Your response should match the records line for line.

[Data excerpts]
= Beginning of Section =

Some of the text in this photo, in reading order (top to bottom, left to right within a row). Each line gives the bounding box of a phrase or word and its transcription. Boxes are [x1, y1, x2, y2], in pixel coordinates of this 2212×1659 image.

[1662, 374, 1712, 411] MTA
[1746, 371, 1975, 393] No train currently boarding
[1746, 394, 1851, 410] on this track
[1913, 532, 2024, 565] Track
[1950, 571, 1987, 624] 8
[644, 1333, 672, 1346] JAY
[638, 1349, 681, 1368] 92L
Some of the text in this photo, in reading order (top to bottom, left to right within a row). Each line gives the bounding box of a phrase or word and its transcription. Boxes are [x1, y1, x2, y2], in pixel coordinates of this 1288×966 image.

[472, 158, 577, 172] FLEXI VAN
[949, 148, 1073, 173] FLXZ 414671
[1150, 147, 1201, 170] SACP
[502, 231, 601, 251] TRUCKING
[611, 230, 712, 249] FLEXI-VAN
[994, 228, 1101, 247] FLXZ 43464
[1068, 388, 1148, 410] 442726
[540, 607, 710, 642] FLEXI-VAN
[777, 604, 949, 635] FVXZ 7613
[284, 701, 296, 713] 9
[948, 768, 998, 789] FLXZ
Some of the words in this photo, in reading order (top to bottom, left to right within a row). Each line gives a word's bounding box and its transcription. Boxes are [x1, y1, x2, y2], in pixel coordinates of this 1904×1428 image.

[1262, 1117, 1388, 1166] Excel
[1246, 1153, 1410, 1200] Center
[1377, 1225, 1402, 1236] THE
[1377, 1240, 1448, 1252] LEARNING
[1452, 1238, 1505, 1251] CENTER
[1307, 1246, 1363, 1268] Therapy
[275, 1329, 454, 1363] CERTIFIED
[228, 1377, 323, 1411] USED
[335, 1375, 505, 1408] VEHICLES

= End of Section =

— ANSWER TO THIS PROBLEM —
Some of the text in this photo, in reading order (top to bottom, left to right within a row). Each line gives the bounding box of a phrase or word and its transcription. Boxes are [x1, y1, x2, y2], in pixel coordinates of this 2212×1659 image.

[1662, 374, 1712, 411] MTA
[1746, 371, 1975, 393] No train currently boarding
[1746, 394, 1851, 410] on this track
[1913, 532, 2024, 565] Track
[1950, 571, 1987, 624] 8
[644, 1333, 672, 1346] JAY
[638, 1349, 681, 1368] 92L
Some of the text in this photo, in reading order (top to bottom, left to right within a row). Each line gives the bounding box of a phrase or word and its transcription. Boxes are [x1, y1, x2, y2], in pixel coordinates of this 1288×966 image.

[472, 158, 577, 172] FLEXI VAN
[949, 148, 1073, 173] FLXZ 414671
[1150, 147, 1201, 170] SACP
[502, 231, 601, 251] TRUCKING
[611, 230, 712, 249] FLEXI-VAN
[994, 228, 1101, 247] FLXZ 43464
[1068, 388, 1148, 410] 442726
[540, 607, 710, 642] FLEXI-VAN
[777, 604, 949, 635] FVXZ 7613
[284, 701, 296, 713] 9
[948, 768, 998, 789] FLXZ
Some of the words in this photo, in reading order (top to bottom, left to right within a row). Each line gives a word's bounding box and its transcription. Boxes are [x1, y1, x2, y2], in pixel coordinates of this 1904×1428 image.

[1262, 1117, 1388, 1166] Excel
[1246, 1153, 1410, 1200] Center
[1377, 1225, 1402, 1236] THE
[1377, 1240, 1448, 1252] LEARNING
[1452, 1238, 1505, 1251] CENTER
[1307, 1246, 1363, 1268] Therapy
[275, 1329, 454, 1363] CERTIFIED
[228, 1377, 323, 1411] USED
[335, 1375, 505, 1408] VEHICLES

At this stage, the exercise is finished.